-- WHAT THE TASK ASKS --
For every record that follows, transcribe the text exactly and leave any image out.

╔══

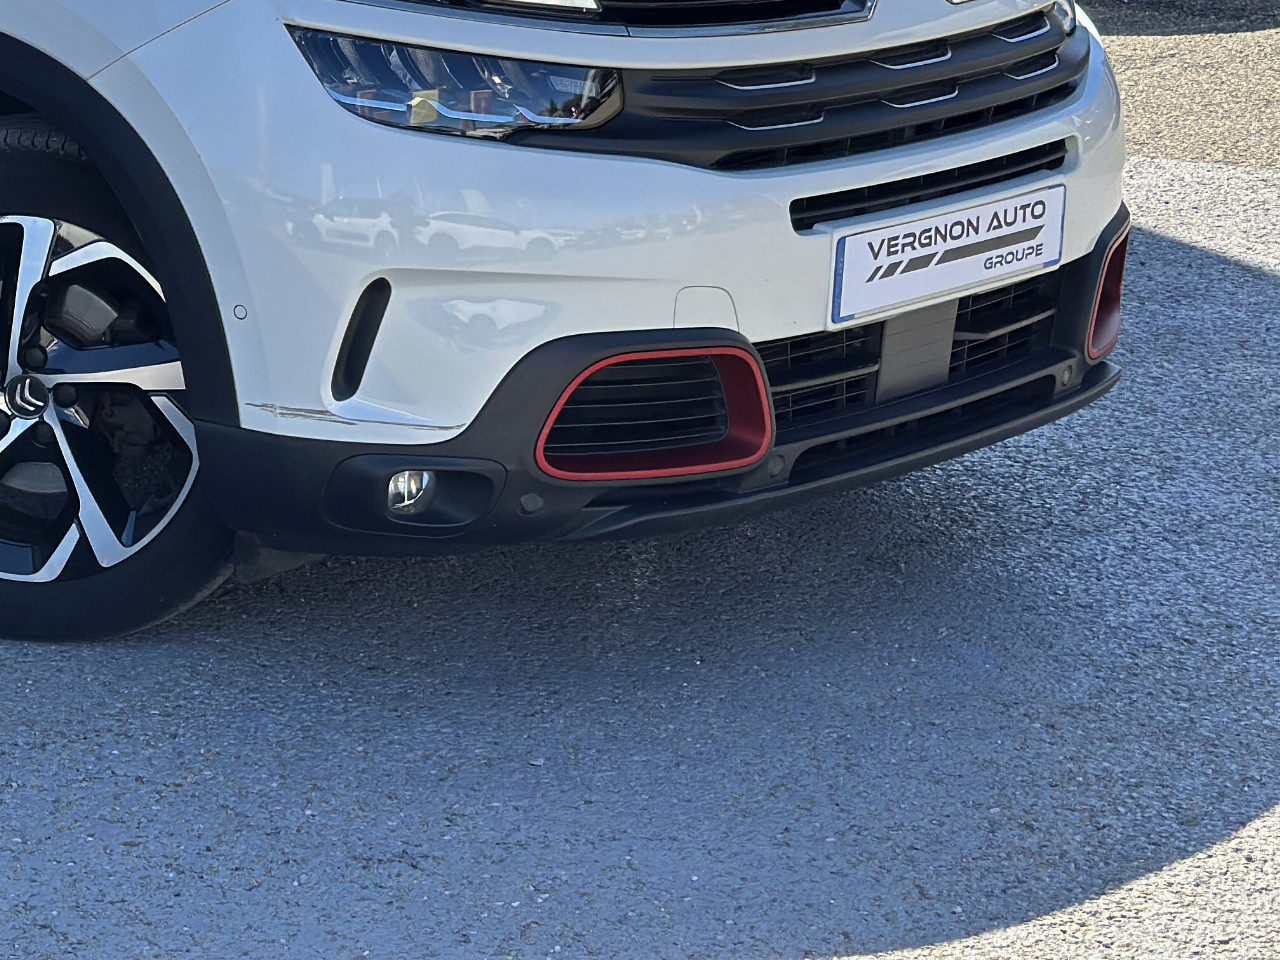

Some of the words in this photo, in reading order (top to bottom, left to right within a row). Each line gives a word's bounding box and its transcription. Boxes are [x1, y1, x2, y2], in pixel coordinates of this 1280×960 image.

[867, 215, 981, 261] VERGNON
[985, 199, 1047, 233] AUTO
[983, 243, 1044, 271] GROUPE
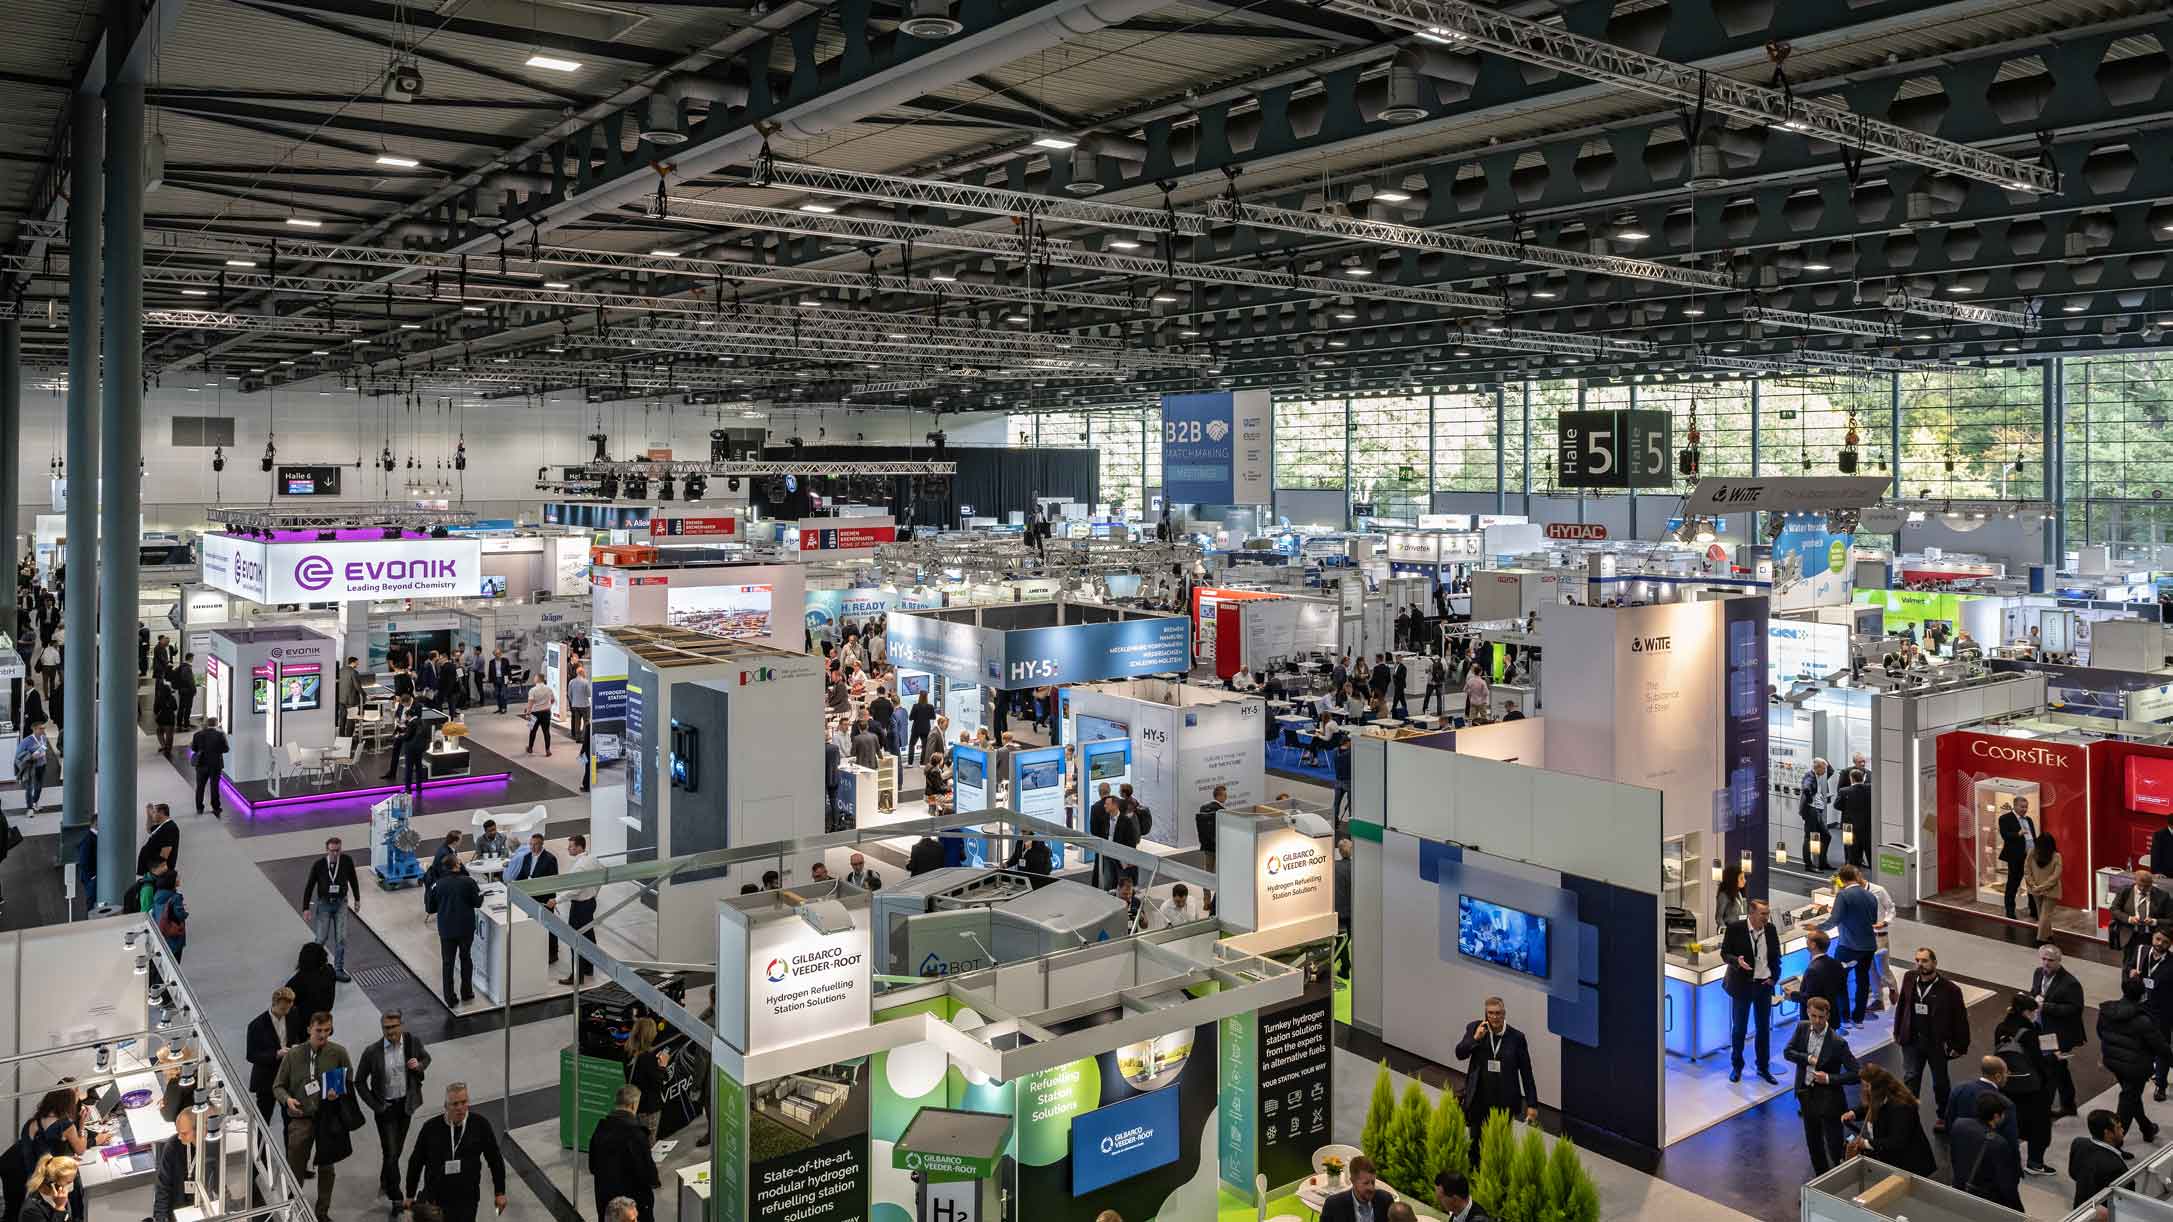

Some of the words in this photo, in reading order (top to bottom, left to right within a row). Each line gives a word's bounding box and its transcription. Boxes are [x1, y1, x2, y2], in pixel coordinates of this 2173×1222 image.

[1166, 421, 1201, 442] B2B
[1166, 448, 1230, 458] MATCHMAKING
[1564, 428, 1577, 474] Halle
[1588, 432, 1612, 474] 5
[1632, 426, 1640, 474] Halle
[1648, 432, 1663, 474] 5
[285, 472, 304, 480] Halle
[306, 472, 311, 480] 6
[1550, 526, 1604, 539] HYDAC
[1404, 544, 1430, 552] drivetek
[242, 560, 264, 582] EVONIK
[345, 559, 457, 582] EVONIK
[346, 584, 380, 593] Leading
[382, 582, 414, 592] Beyond
[415, 580, 456, 592] Chemistry
[853, 601, 886, 611] READY
[1902, 596, 1926, 604] Valmet
[541, 614, 563, 622] Dräger
[285, 647, 320, 656] EVONIK
[1011, 660, 1052, 680] HY-5
[1241, 706, 1258, 716] HY-5
[1144, 728, 1165, 744] HY-5
[1283, 849, 1314, 862] GILBARCO
[1267, 881, 1294, 893] Hydrogen
[1272, 891, 1292, 901] Station
[1292, 886, 1317, 896] Solutions
[792, 947, 842, 965] GILBARCO
[792, 954, 862, 977] VEEDER-ROOT
[766, 989, 809, 1006] Hydrogen
[810, 978, 854, 994] Refuelling
[774, 1002, 805, 1015] Station
[806, 992, 846, 1008] Solutions
[1264, 1019, 1292, 1034] Turnkey
[1292, 1010, 1325, 1026] hydrogen
[1266, 1032, 1290, 1046] station
[1292, 1022, 1322, 1037] solutions
[1266, 1046, 1284, 1058] from
[1284, 1040, 1296, 1051] the
[1297, 1034, 1322, 1048] experts
[1262, 1061, 1270, 1072] in
[1270, 1050, 1308, 1069] alternative
[1308, 1044, 1326, 1057] fuels
[1030, 1072, 1080, 1094] Refuelling
[1262, 1079, 1278, 1089] YOUR
[1300, 1066, 1315, 1076] YOUR
[1316, 1062, 1328, 1072] WAY
[1038, 1087, 1072, 1106] Station
[1032, 1101, 1077, 1122] Solutions
[1114, 1126, 1143, 1142] GILBARCO
[1114, 1130, 1154, 1149] VEEDER-ROOT
[763, 1150, 854, 1184] State-of-the-art,
[924, 1154, 962, 1164] GILBARCO
[924, 1162, 976, 1174] VEEDER-ROOT
[758, 1180, 806, 1202] modular
[807, 1164, 859, 1189] hydrogen
[761, 1191, 816, 1217] refuelling
[818, 1180, 855, 1200] station
[784, 1202, 834, 1222] solutions

╚══

-- EXPECTED ANSWER --
Some of the words in this photo, in reading order (top to bottom, left to right within a row). Each line gives a word's bounding box and its transcription. Boxes are [x1, y1, x2, y2], in pixel coordinates of this 1280×960 image.

[867, 215, 981, 261] VERGNON
[985, 199, 1047, 233] AUTO
[983, 243, 1044, 271] GROUPE

Some of the words in this photo, in reading order (top to bottom, left to right within a row). Each line gives a word's bounding box and its transcription. Boxes are [x1, y1, x2, y2], in pixel coordinates of this 2173×1222 image.

[1166, 421, 1201, 442] B2B
[1166, 448, 1230, 458] MATCHMAKING
[1564, 428, 1577, 474] Halle
[1588, 432, 1612, 474] 5
[1632, 426, 1640, 474] Halle
[1648, 432, 1663, 474] 5
[285, 472, 304, 480] Halle
[306, 472, 311, 480] 6
[1550, 526, 1604, 539] HYDAC
[1404, 544, 1430, 552] drivetek
[242, 560, 264, 582] EVONIK
[345, 559, 457, 582] EVONIK
[346, 584, 380, 593] Leading
[382, 582, 414, 592] Beyond
[415, 580, 456, 592] Chemistry
[853, 601, 886, 611] READY
[1902, 596, 1926, 604] Valmet
[541, 614, 563, 622] Dräger
[285, 647, 320, 656] EVONIK
[1011, 660, 1052, 680] HY-5
[1241, 706, 1258, 716] HY-5
[1144, 728, 1165, 744] HY-5
[1283, 849, 1314, 862] GILBARCO
[1267, 881, 1294, 893] Hydrogen
[1272, 891, 1292, 901] Station
[1292, 886, 1317, 896] Solutions
[792, 947, 842, 965] GILBARCO
[792, 954, 862, 977] VEEDER-ROOT
[766, 989, 809, 1006] Hydrogen
[810, 978, 854, 994] Refuelling
[774, 1002, 805, 1015] Station
[806, 992, 846, 1008] Solutions
[1264, 1019, 1292, 1034] Turnkey
[1292, 1010, 1325, 1026] hydrogen
[1266, 1032, 1290, 1046] station
[1292, 1022, 1322, 1037] solutions
[1266, 1046, 1284, 1058] from
[1284, 1040, 1296, 1051] the
[1297, 1034, 1322, 1048] experts
[1262, 1061, 1270, 1072] in
[1270, 1050, 1308, 1069] alternative
[1308, 1044, 1326, 1057] fuels
[1030, 1072, 1080, 1094] Refuelling
[1262, 1079, 1278, 1089] YOUR
[1300, 1066, 1315, 1076] YOUR
[1316, 1062, 1328, 1072] WAY
[1038, 1087, 1072, 1106] Station
[1032, 1101, 1077, 1122] Solutions
[1114, 1126, 1143, 1142] GILBARCO
[1114, 1130, 1154, 1149] VEEDER-ROOT
[763, 1150, 854, 1184] State-of-the-art,
[924, 1154, 962, 1164] GILBARCO
[924, 1162, 976, 1174] VEEDER-ROOT
[758, 1180, 806, 1202] modular
[807, 1164, 859, 1189] hydrogen
[761, 1191, 816, 1217] refuelling
[818, 1180, 855, 1200] station
[784, 1202, 834, 1222] solutions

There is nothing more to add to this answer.